We do have a set of values and attitudes. They are just different from those of your generation, so they might not look like a 'struggle for social justice and attitudinal change' to people who expect it to look like a broad social movement, 60s-style. I, for one, am seriously grateful for the bravery and energy of the individuals who contributed to real social change - the feminists, civil rights activists, war protesters, and theologians who really did produce important changes in our society. I'm also fascinated by the historical forces that contributed to the creation of this generation. But it's just plain true that it's a generation that's also fascinated with itself, since it has been the focus of media attention and financial investment since the babies started coming, and it's used to and able to foot the bill for constant self-documentation, as media makes evident. Some members of the baby boom did quite a lot to make improvements in society and felt a tremendous amount of power in their sheer numbers (which is at the heart of the Summer of Love phenomenon, as one person in the story is quoted saying: 'who knew there were so many of us?'

But the activist work done by the following generation looks quite different. People who are slightly younger are generally distrustful of big institutions, grandiose statements, and broad-based movements - because we could see so many examples of corruption and hypocrisy as we grew up. My activism doesn't look much like my parents'. That doesn't mean it doesn't exist - far from it.It's a lot more localized (where I can see real impact) and a lot more about getting projects done, networking, and communicating in smaller groups and organizations. It's not much about population-wide consciousness-raising, slogans, and demonstrations. There's just not that sense of being part of a large social movement. There are 80-some million boomers, 80-some million 'milennials,' and only 16 million Xers. It's quite a different landscape - as such a small slice of the population, we've never been marketed to in great numbers, have not seen our concerns often reflected in top news stories, are politically marginalized rather than courted, did not live in a time when schools and universities expanded to accommodate us - rather, they contracted and reduced services as budgets were cut. We look at each other and say 'damn, there are so few of us.'
posted by Miko at 4:29 PM on May 25, 2007 [1 favorite]

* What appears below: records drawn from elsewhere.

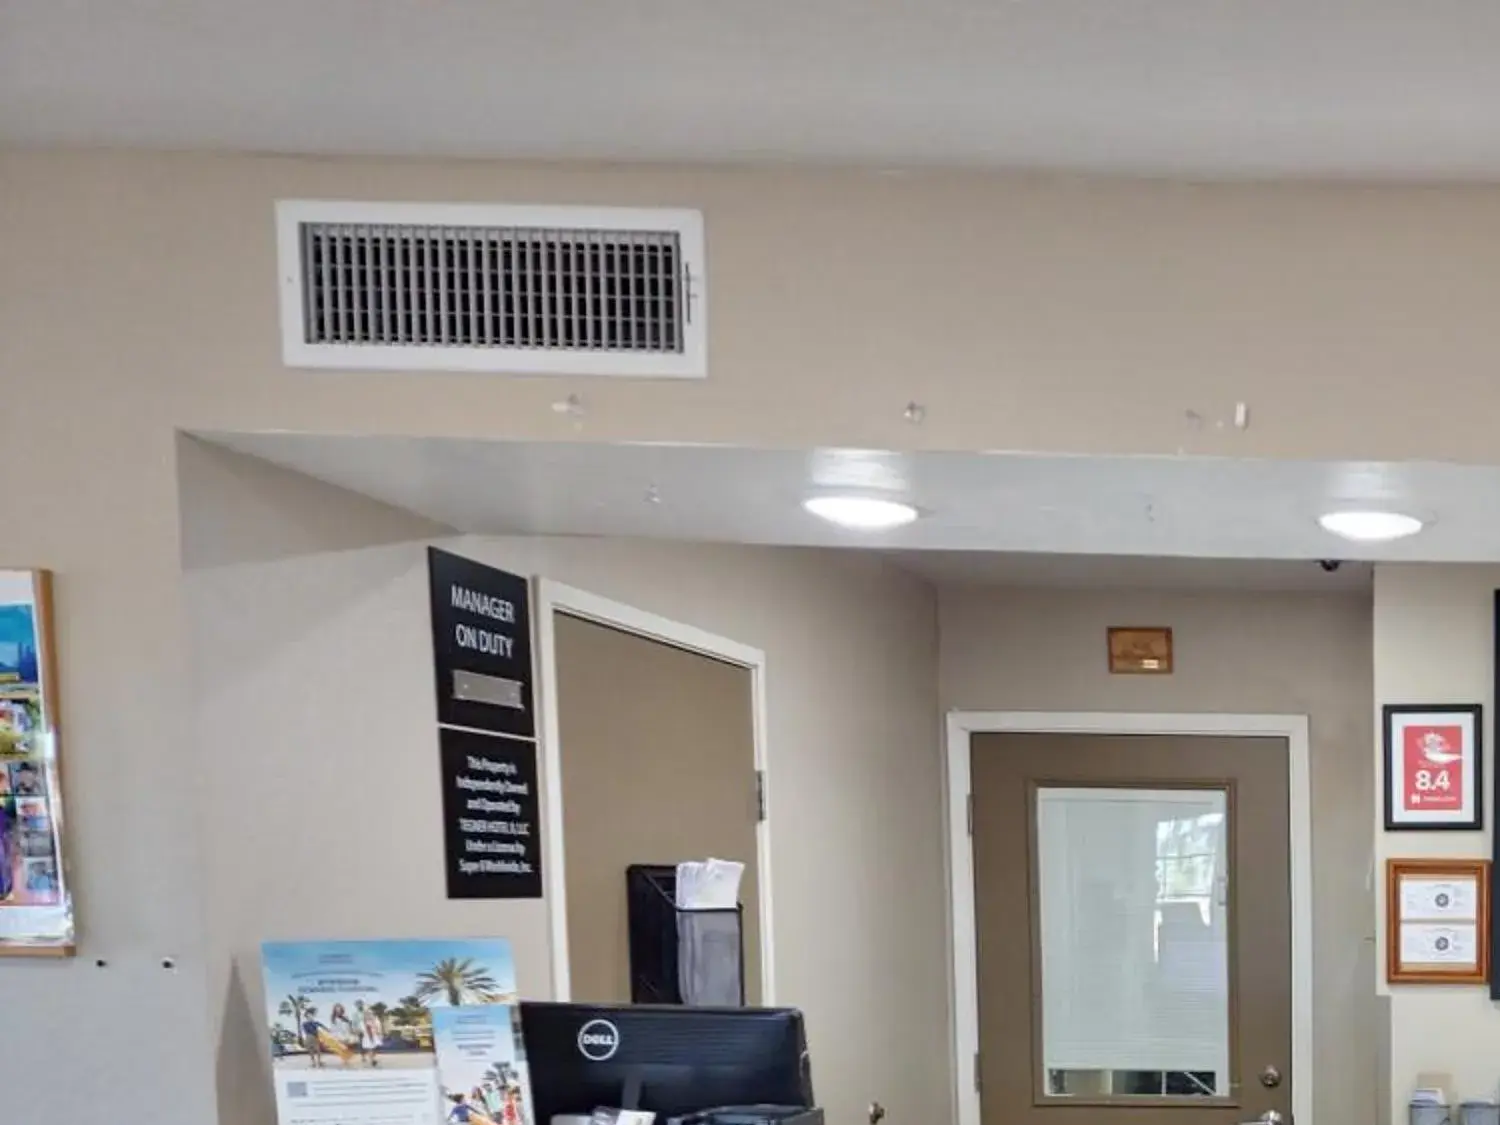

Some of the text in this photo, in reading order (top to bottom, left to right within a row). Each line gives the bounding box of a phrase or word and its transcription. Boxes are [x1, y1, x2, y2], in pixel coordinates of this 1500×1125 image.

[451, 584, 515, 624] MANAGER
[455, 623, 513, 659] ON DUTY
[1414, 769, 1451, 791] 8.4
[583, 1033, 614, 1045] DELL
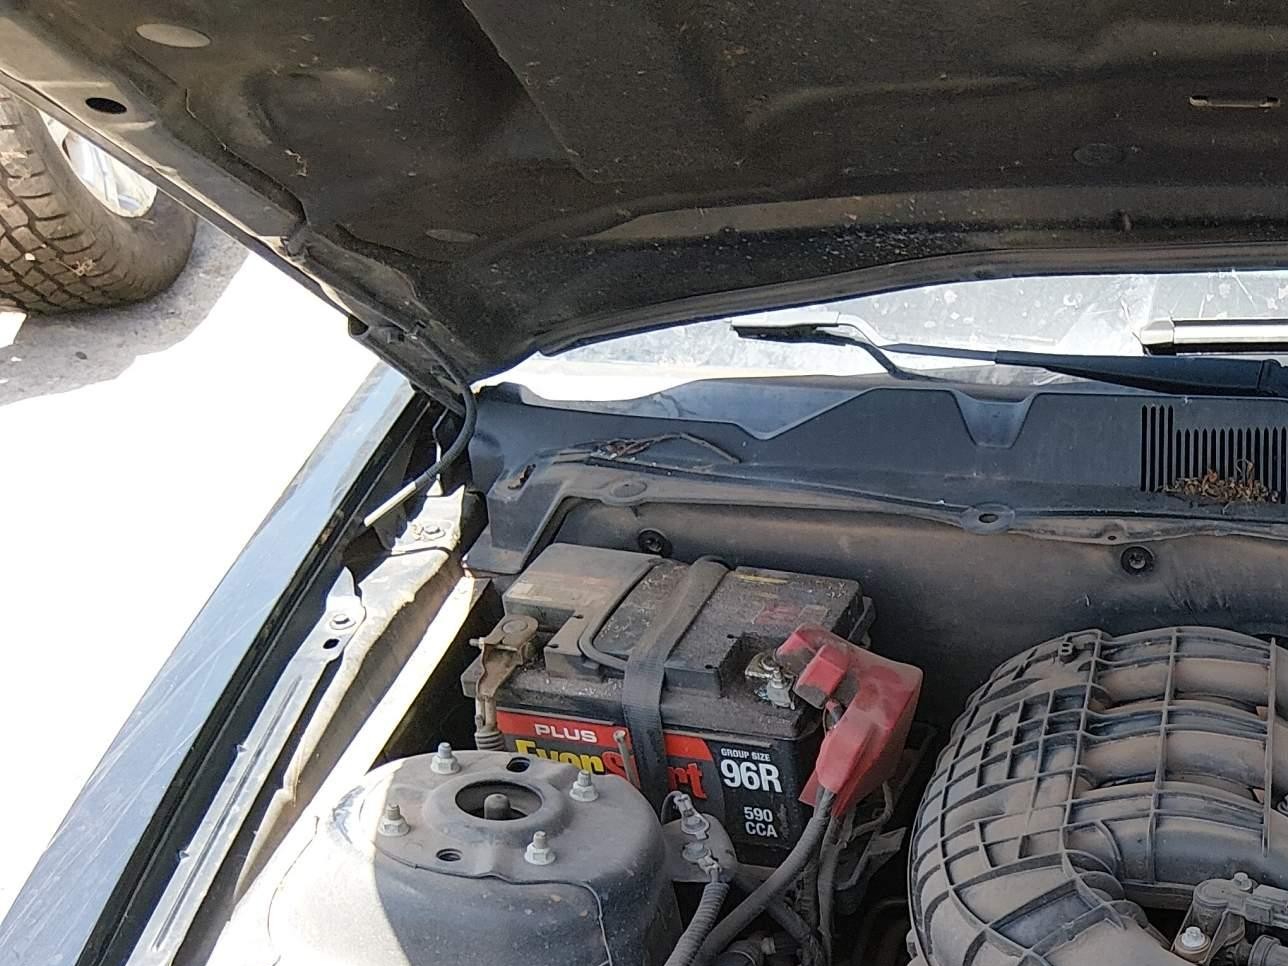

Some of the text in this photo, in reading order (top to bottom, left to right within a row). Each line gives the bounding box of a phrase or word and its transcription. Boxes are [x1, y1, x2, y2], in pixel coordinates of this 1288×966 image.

[533, 723, 598, 743] PLUS
[720, 747, 771, 762] GROUP SIZE
[720, 759, 783, 793] 96R
[743, 806, 773, 823] 590
[745, 821, 778, 838] CCA
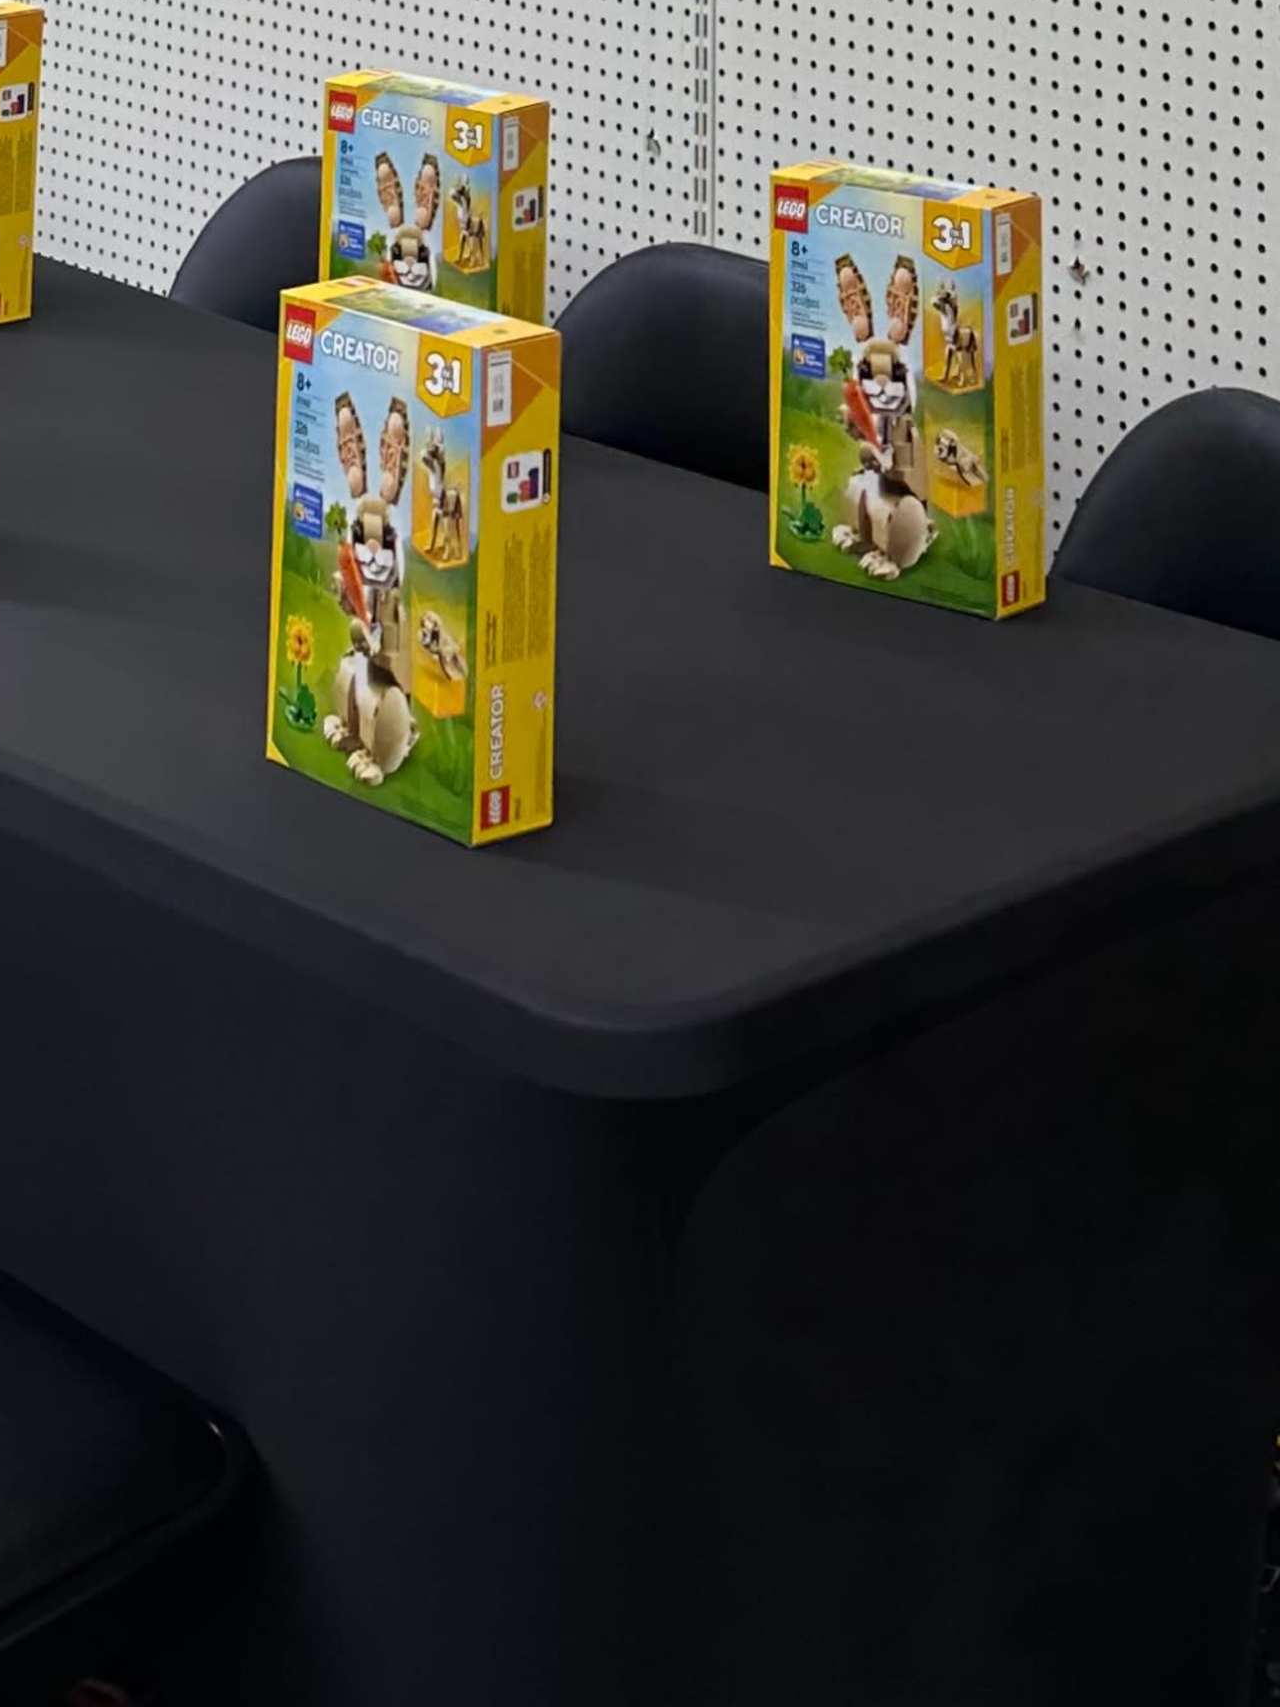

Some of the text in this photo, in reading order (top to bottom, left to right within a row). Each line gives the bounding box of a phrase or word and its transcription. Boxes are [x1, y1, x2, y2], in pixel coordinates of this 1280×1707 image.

[361, 108, 431, 137] CREATOR
[777, 198, 904, 237] LEGO CREATOR
[791, 240, 809, 256] 8+
[286, 321, 400, 375] LEGO CREATOR
[296, 372, 313, 391] 8+
[489, 684, 505, 781] CREATOR

psmealey, My irony detector is still in the shop

dang, that's funny.

Miko, wow, Loved your comment, it answered so many questions I'd had about the Xers and makes a lot of sense. How beautifully you write. Thank you.

naively idealistic and morally compromised

That painfully hilarious Brit comedy Absolutely Fabulous comes to mind.

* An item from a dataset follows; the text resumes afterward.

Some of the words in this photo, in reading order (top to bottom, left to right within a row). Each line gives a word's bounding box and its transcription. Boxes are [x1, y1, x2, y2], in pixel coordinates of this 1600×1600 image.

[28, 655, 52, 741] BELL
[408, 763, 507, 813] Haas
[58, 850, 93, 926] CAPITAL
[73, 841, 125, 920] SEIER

it's just plain true that it's a generation that's also fascinated with itself, since it has been the focus of media attention and financial investment since the babies started coming, and it's used to and able to foot the bill for constant self-documentation, as media makes evident

You're right.

Looking back at the extraordinarily tumultuous last century, I think there was a huge post-Victorian Era backlash with the Roaring Twenties. Lots of exciting stuff was going on at the time the corsets and whalebones came off. Every kind of technology was morphing the planet. Railroads had made mega economic changes, the automobile was being taken seriously, Tesla and Edison made the foundation of the whole Electric Revolution possible...Then the first World War, the crash of '29, The Great Depression followed immediately by World War II interrupted all that massive cultural change to focus on catastrophe. Post WWII and pre-60's many kinds of fear became a cultural force. Stalin had slaughtered 20+(?) million approx, WWII resulted in the death of 55 to 72 million approx, the Chinese Civil War and Mao's "Great Leap Forward" offed many tens of millions...the 20th Century Hemoclysm.

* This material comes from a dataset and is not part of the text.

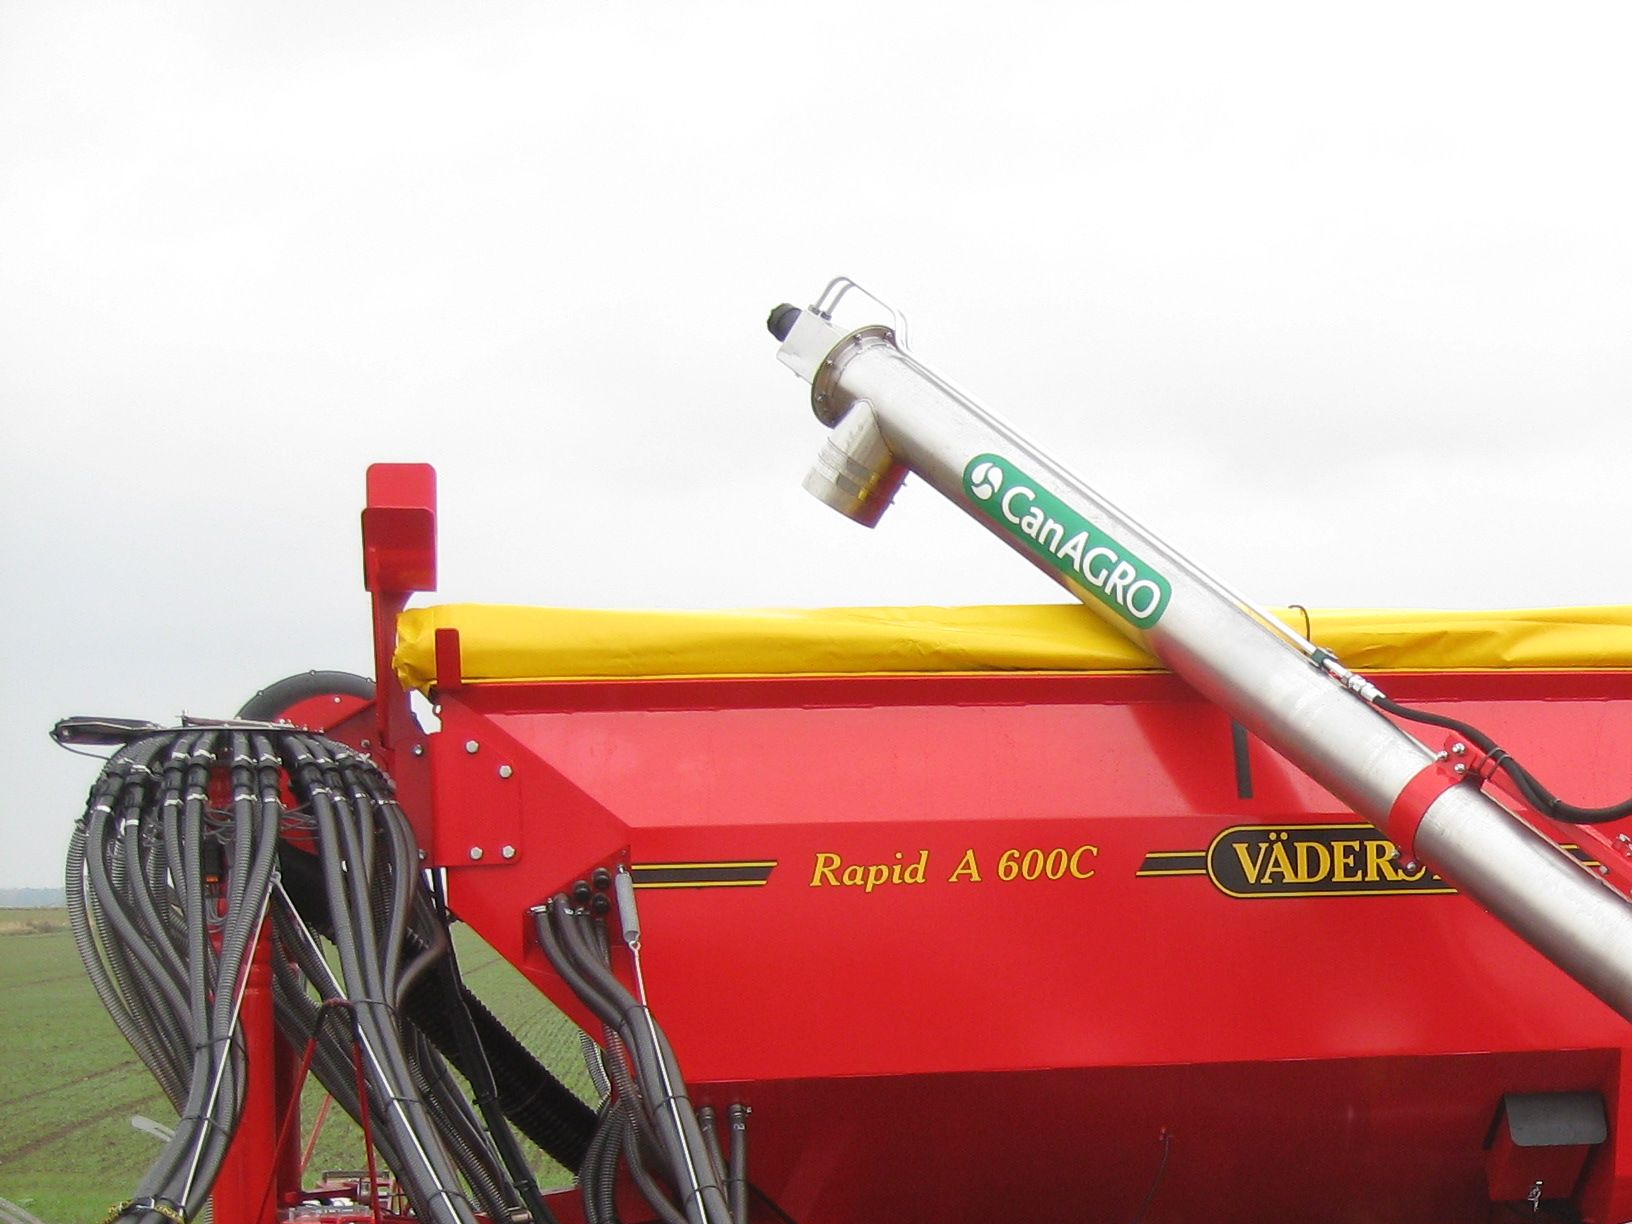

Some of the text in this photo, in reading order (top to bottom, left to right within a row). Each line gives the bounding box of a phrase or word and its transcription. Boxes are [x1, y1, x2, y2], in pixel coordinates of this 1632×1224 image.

[1001, 485, 1162, 619] CanAGRO
[809, 844, 1099, 893] Rapid A 600C
[1231, 831, 1441, 884] VÄDER

Post WWII in the USA there was this smug and rigid 50's gluttony thing that seemed deadly to me. Real Stepford People scary. There was a Cold War paranoia that we'd all nuke ourselves into oblivion any second now, a similar feeling I experience with all this bogus War On Terror bs; Acting Fakely Good (while killing others) Because We're All Afraid.

I think the '60's generation in the USA took over, in part, where the 1920's left off...very messy and often morally compromising change. All these years the post 60's generations were quite mysterious to me and what you say makes a lot of sense. I feel more loving and good about the ppst-60’s generations now.

My activism doesn't look much like my parents'. That doesn't mean it doesn't exist - far from it.It's a lot more localized (where I can see real impact) and a lot more about getting projects done, networking, and communicating in smaller groups and organizations.

By the time I left the West in 1975, I'd come to that conclusion too, about how change needs to be local, personal, walking it like one talks it.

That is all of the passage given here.